As a culture, we take a unique pleasure in insulting the intelligence of our ancestors. Stories of blood-letting and witch-burning are woven into our conceptions of the past. When we say 'Dark Ages,' it's with an undertone that those centuries were truly brutal, degraded, and filled with the most vile forms of ignorance. Neighboring countries slaughtered each other, raped and pillaged. People accused one other of heresies and murdered criminals for the slightest infraction. It's easy to conjure the image of a man swaying from the gallows, or of a smoldering ruin that was once a thriving village. These images glow with a celluloid menace, and sitting in the movie theatres, it's easy to think, 'I'm glad it's not like that anymore.' How proud we are that we're better than the medieval peasantry, whose ignorance serves to highlight the sophistication of our own culture.
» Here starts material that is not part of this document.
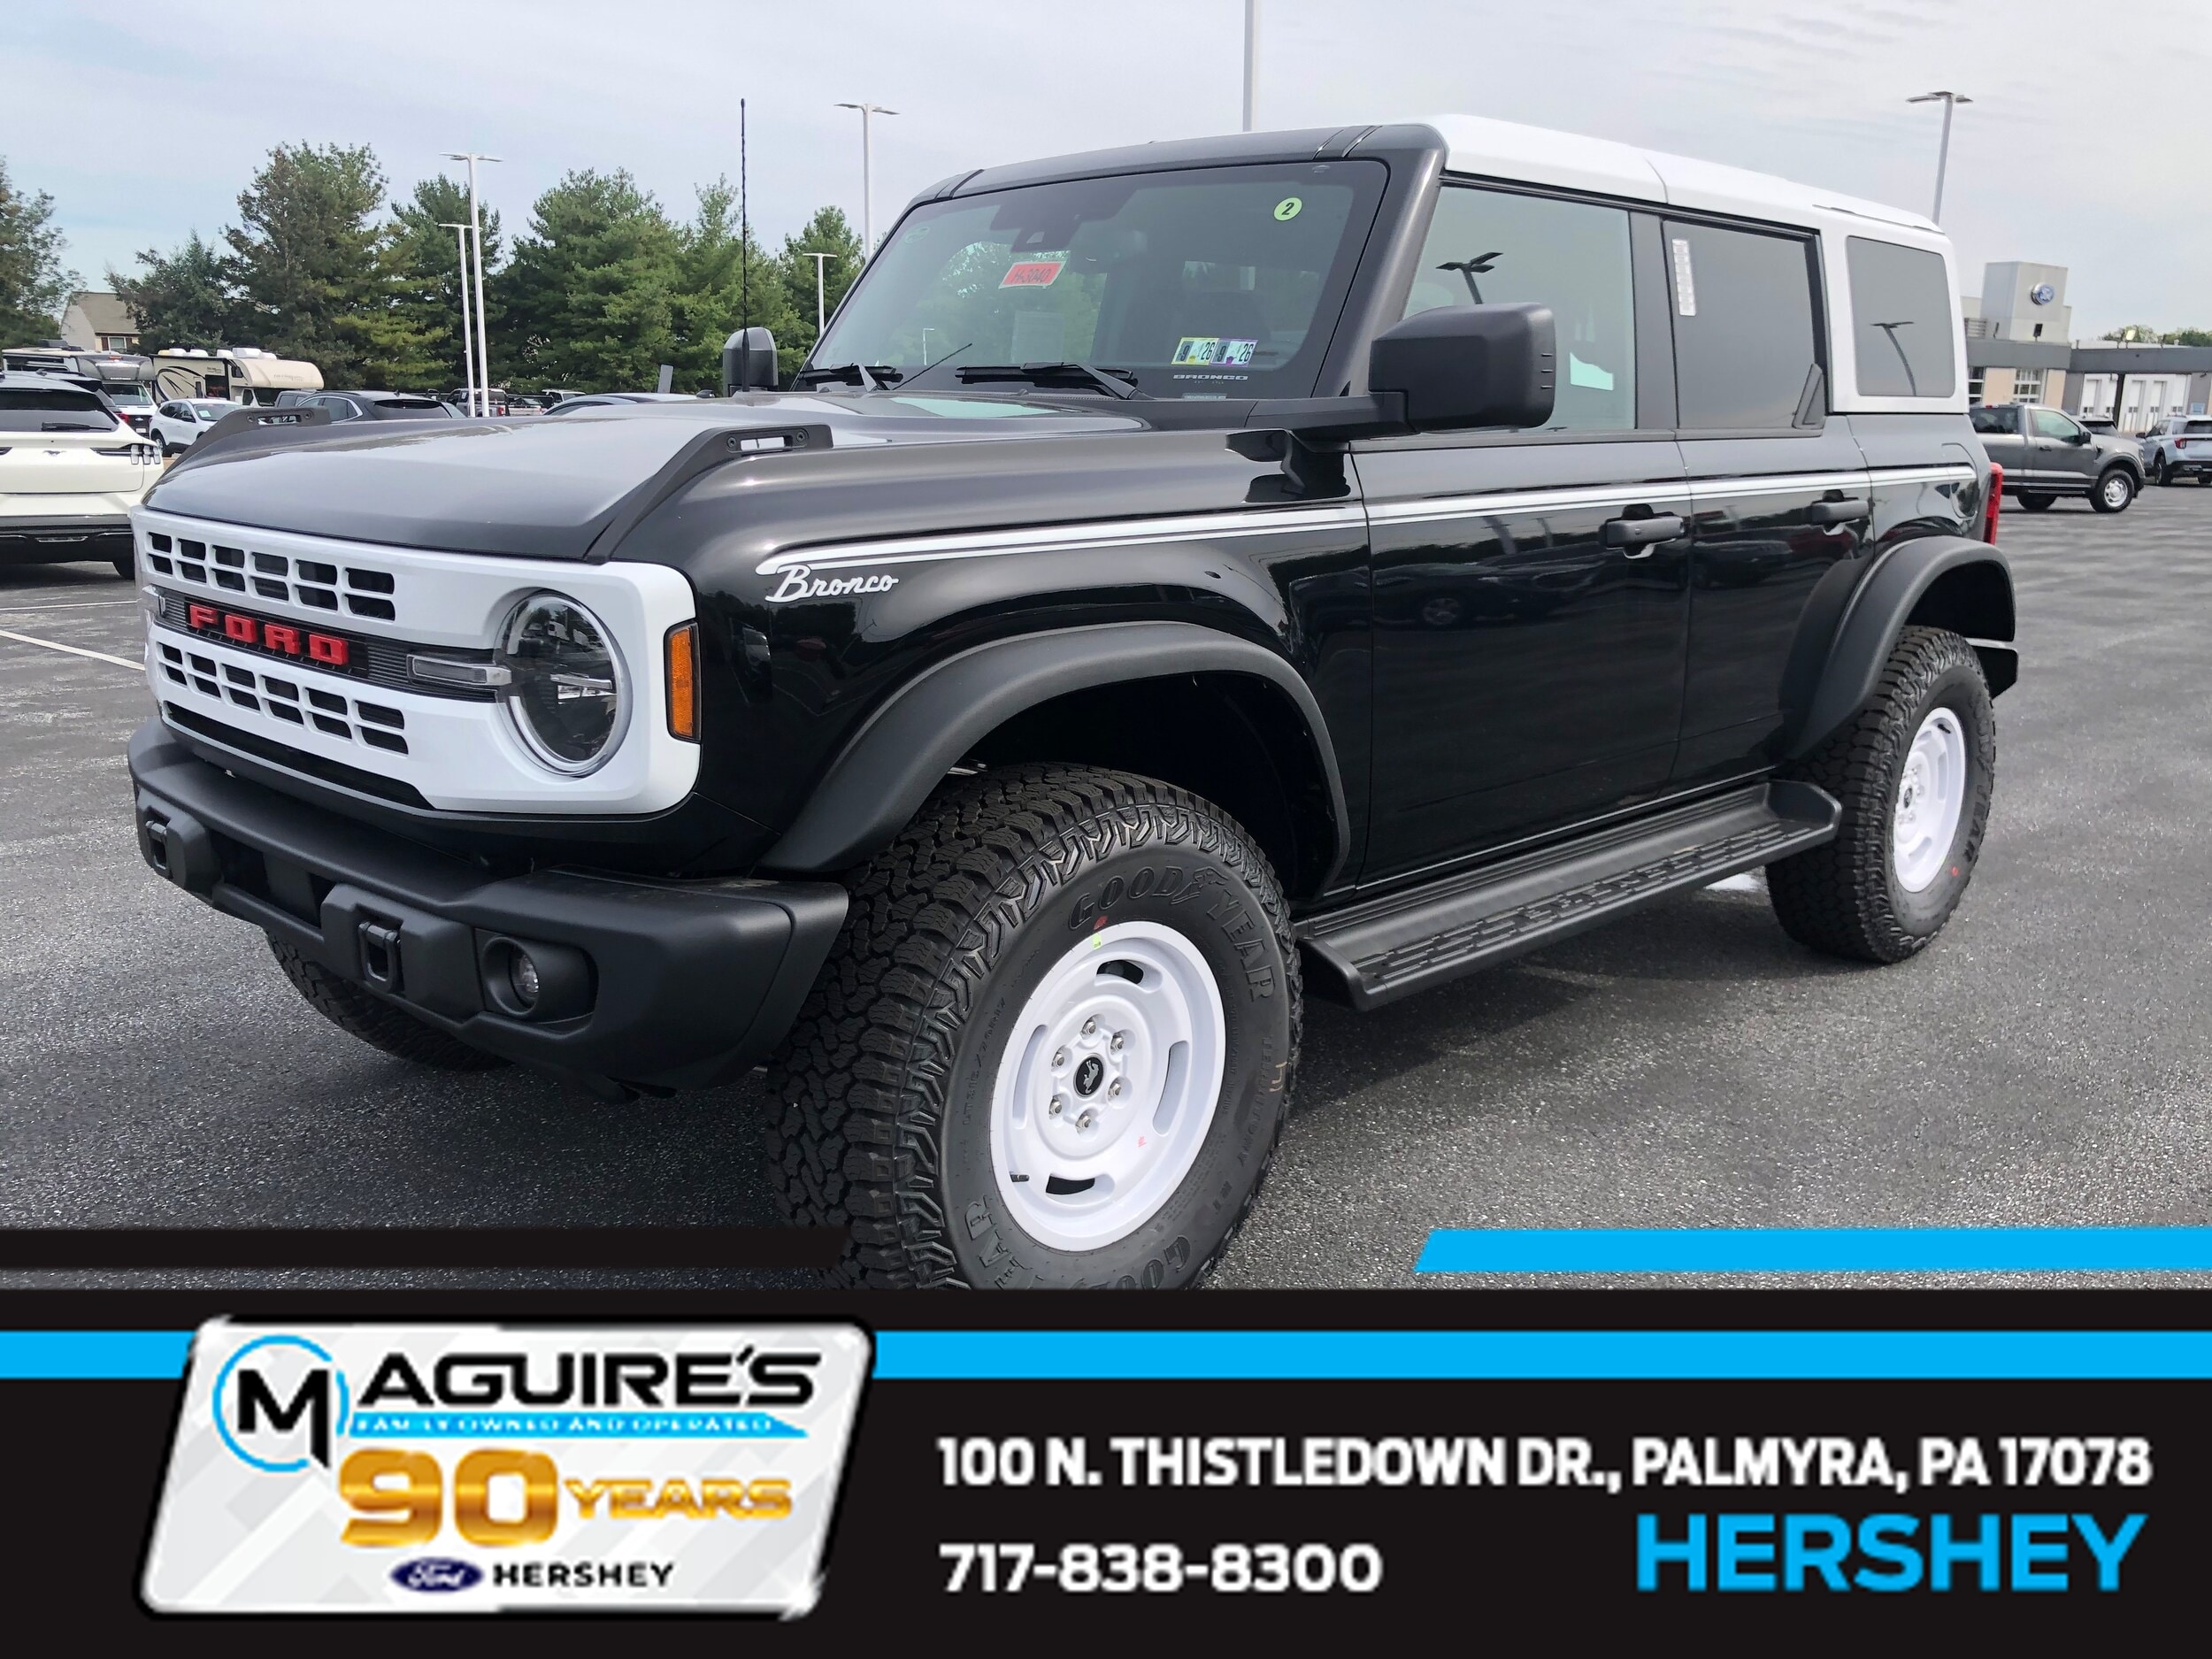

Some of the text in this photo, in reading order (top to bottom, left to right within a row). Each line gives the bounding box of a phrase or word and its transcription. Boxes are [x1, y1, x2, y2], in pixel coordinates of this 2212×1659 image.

Yet rather than dismissing their belief as ignorant, what happens when we explore them seriously? Let's take, for instance, the phrase 'bless you,' which originates from the bygone belief that when a man is sneezing, he's expelling demons from his body. Taken at face value, many of us find this laughable. But at the same time, our ancestors were on to something. Like modern doctors, they noticed that when an individual started sneezing, his behavior likewise changed. He had greater trouble rising from bed, he was lethargic, he complained of aches. They blamed these symptoms on 'demons' and said that the man was trying to expel them when he sneezed. This explanation isn't that far from the truth. We simply replace the word 'demon' with that of 'virus,' and suddenly it fits seamlessly with modern medical science. Our ancestors understanding of sickness was more colorful than our own, but it was likewise based on observation and reasoning.

This gets even more interesting when we examine their beliefs on temptation. While modern psychology blurs the interplay of psychic forces to create a single 'self' or 'I', medieval psychology recognized the multitude of impulses and thought patterns that composed the individual. Some of these psychic qualities they classified as demons, asserting that many of our thoughts and impulses were just the whisperings of these infernal beasts. Others they ascribed to the Holy Ghost, who spoke on God's behalf within the individual's psyche. This same dichotomy would later be depicted in cartoons from the beginning of the 20th century, with a child protagonist conflicted between a selfish or pro-social choose, a demon standing on one shoulder and an angel on the other.

Because they differentiated between their thoughts in this manner, it's easy to conceive that even in their ignorance, many of our ancestors were more aware of themselves than we ourselves are. The modern layman simply doesn't have as many symbols to attach to his own mental processes. Meanwhile, within the cosmology of demons and angels, there is a great wealth of encoded psychological wisdom, and we are fools for so casually dismissing it.